--- START ---
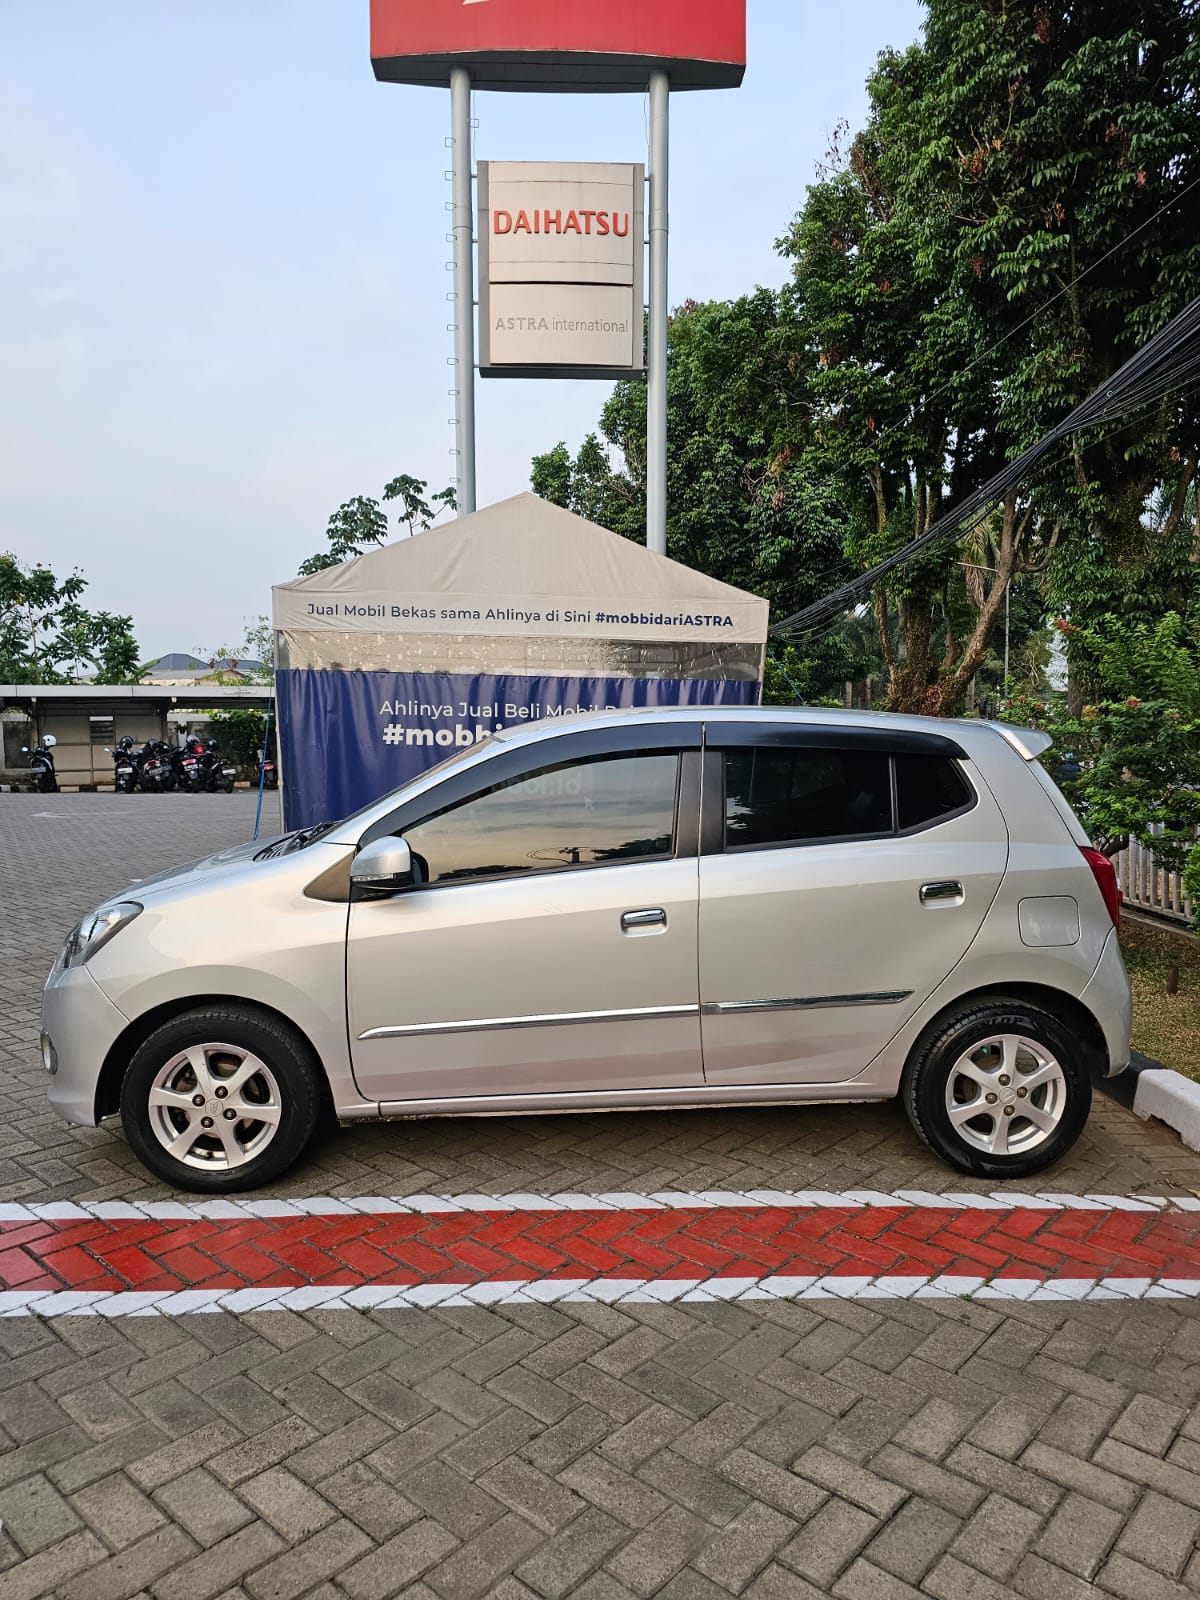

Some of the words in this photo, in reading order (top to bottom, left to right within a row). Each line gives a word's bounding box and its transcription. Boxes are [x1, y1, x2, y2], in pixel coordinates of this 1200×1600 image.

[493, 209, 629, 237] DAIHATSU
[495, 317, 549, 331] ASTRA
[551, 316, 628, 333] international
[307, 603, 339, 616] Jual
[344, 604, 386, 617] Mobil
[391, 606, 437, 618] Bekas
[440, 608, 481, 620] sama
[485, 608, 541, 624] Ahlinya
[545, 610, 559, 622] di
[564, 611, 591, 623] Sini
[595, 612, 734, 627] #mobbidariASTRA
[379, 700, 453, 720] Ahlinya
[458, 702, 499, 718] Jual
[504, 703, 540, 719] Beli
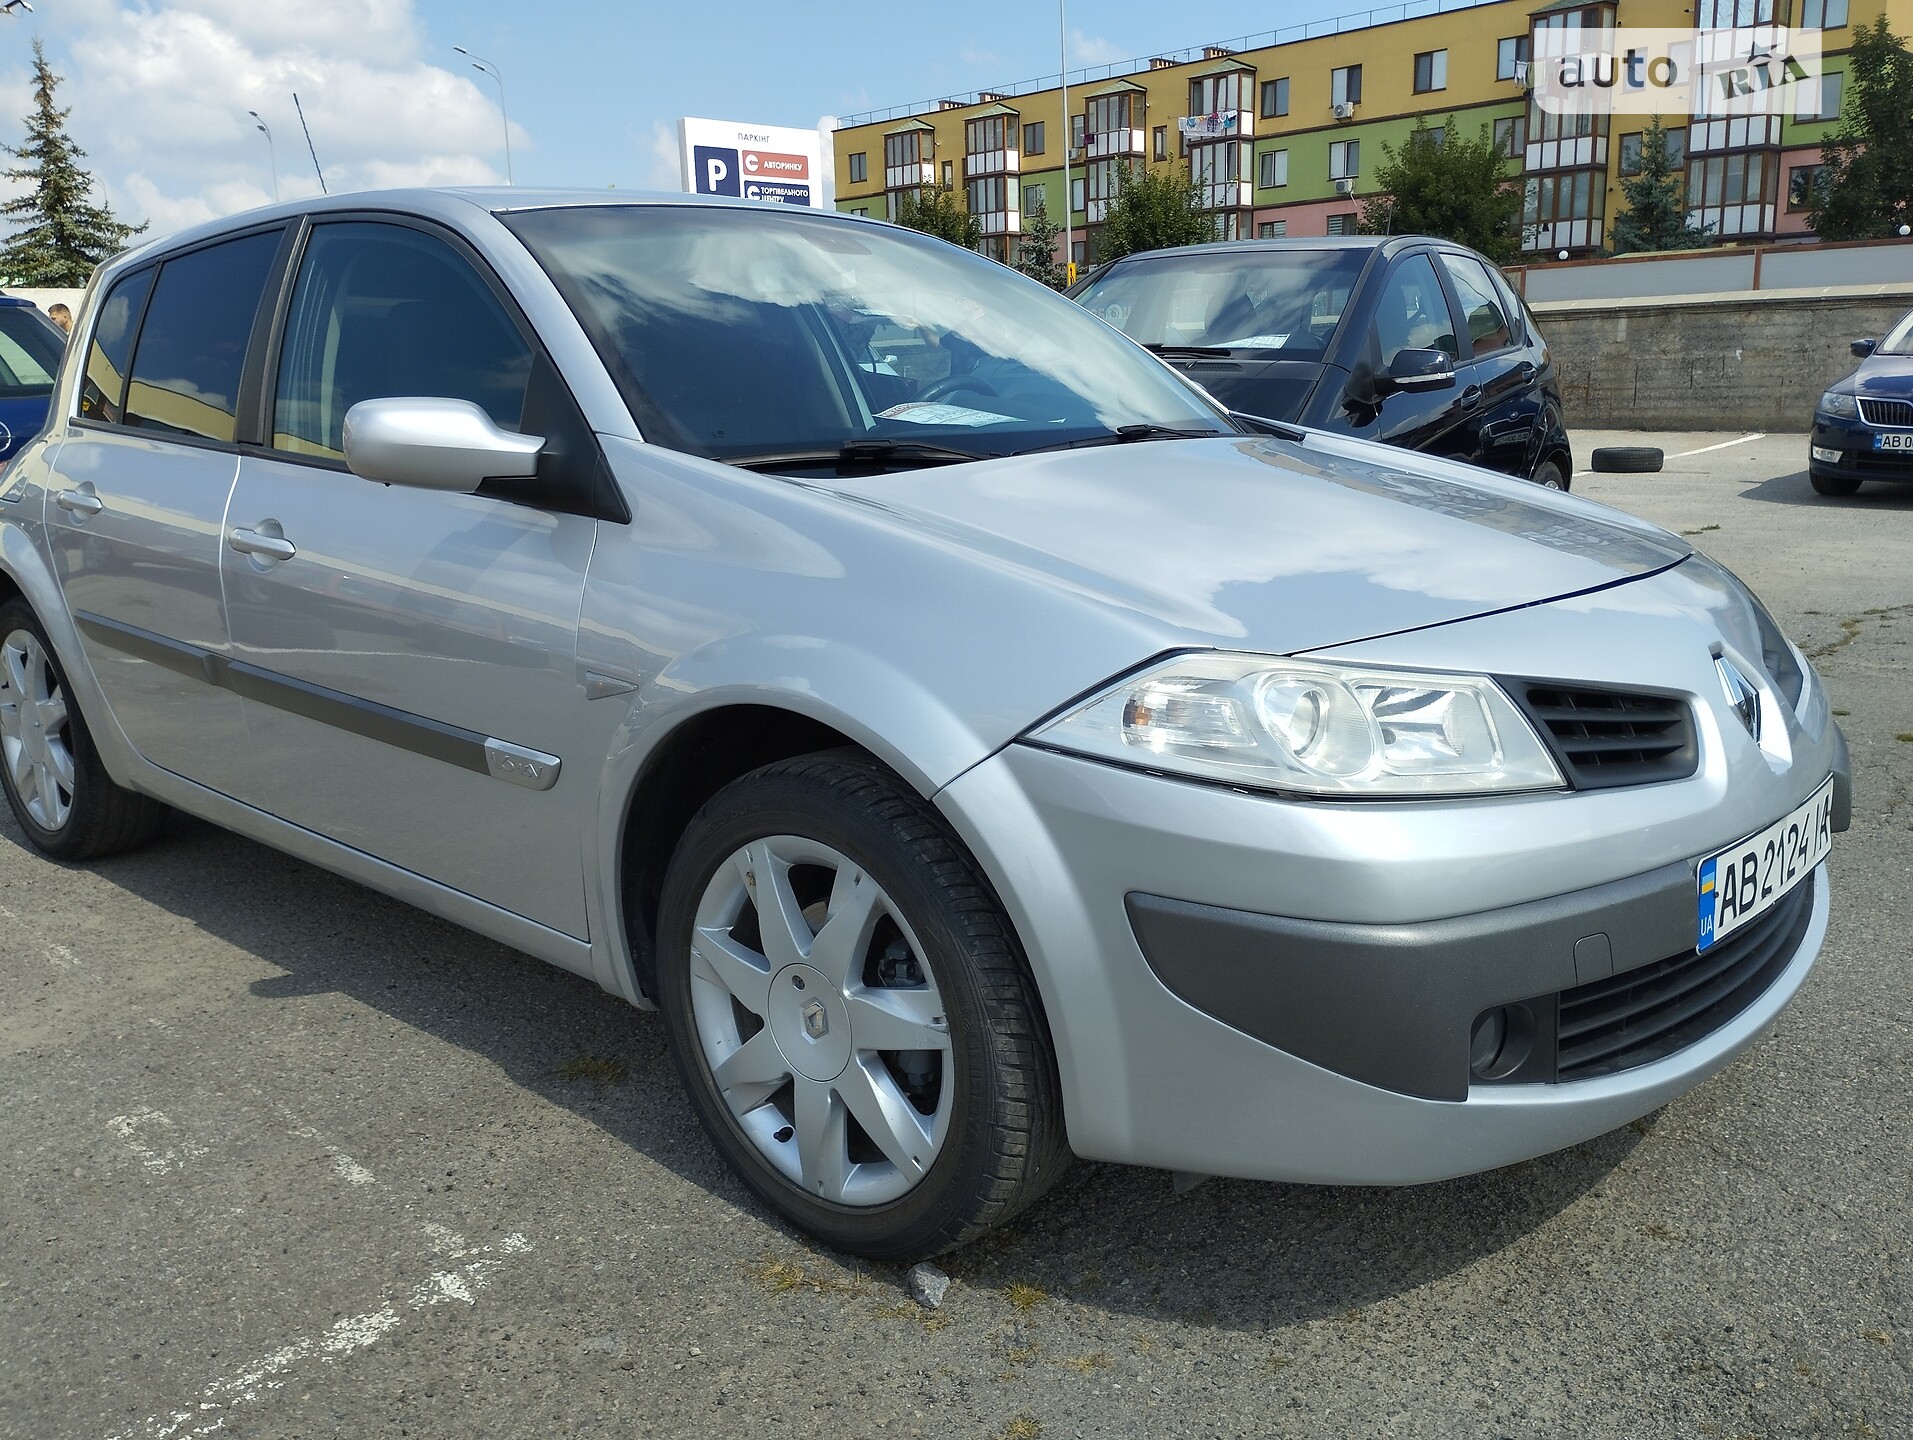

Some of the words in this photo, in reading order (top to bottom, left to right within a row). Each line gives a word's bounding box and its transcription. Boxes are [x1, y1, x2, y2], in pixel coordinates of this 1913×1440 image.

[738, 133, 769, 143] ПАРКІНГ
[764, 161, 802, 171] АВТОРИНКУ
[1882, 436, 1900, 448] AB
[1905, 437, 1913, 448] 0
[1700, 914, 1713, 936] UA
--- END ---
• _WHAT THE EXERCISE ASKS_:
Please give back every line above exactly as it stands, without pictures.

• _SOLVED PROBLEM_:
Some of the words in this photo, in reading order (top to bottom, left to right within a row). Each line gives a word's bounding box and its transcription. Boxes are [x1, y1, x2, y2], in pixel coordinates of this 1200×1600 image.

[493, 209, 629, 237] DAIHATSU
[495, 317, 549, 331] ASTRA
[551, 316, 628, 333] international
[307, 603, 339, 616] Jual
[344, 604, 386, 617] Mobil
[391, 606, 437, 618] Bekas
[440, 608, 481, 620] sama
[485, 608, 541, 624] Ahlinya
[545, 610, 559, 622] di
[564, 611, 591, 623] Sini
[595, 612, 734, 627] #mobbidariASTRA
[379, 700, 453, 720] Ahlinya
[458, 702, 499, 718] Jual
[504, 703, 540, 719] Beli

Some of the words in this photo, in reading order (top to bottom, left to right within a row). Each line gives a word's bounding box and its transcription. Boxes are [x1, y1, x2, y2], in pixel coordinates of this 1913×1440 image.

[738, 133, 769, 143] ПАРКІНГ
[764, 161, 802, 171] АВТОРИНКУ
[1882, 436, 1900, 448] AB
[1905, 437, 1913, 448] 0
[1700, 914, 1713, 936] UA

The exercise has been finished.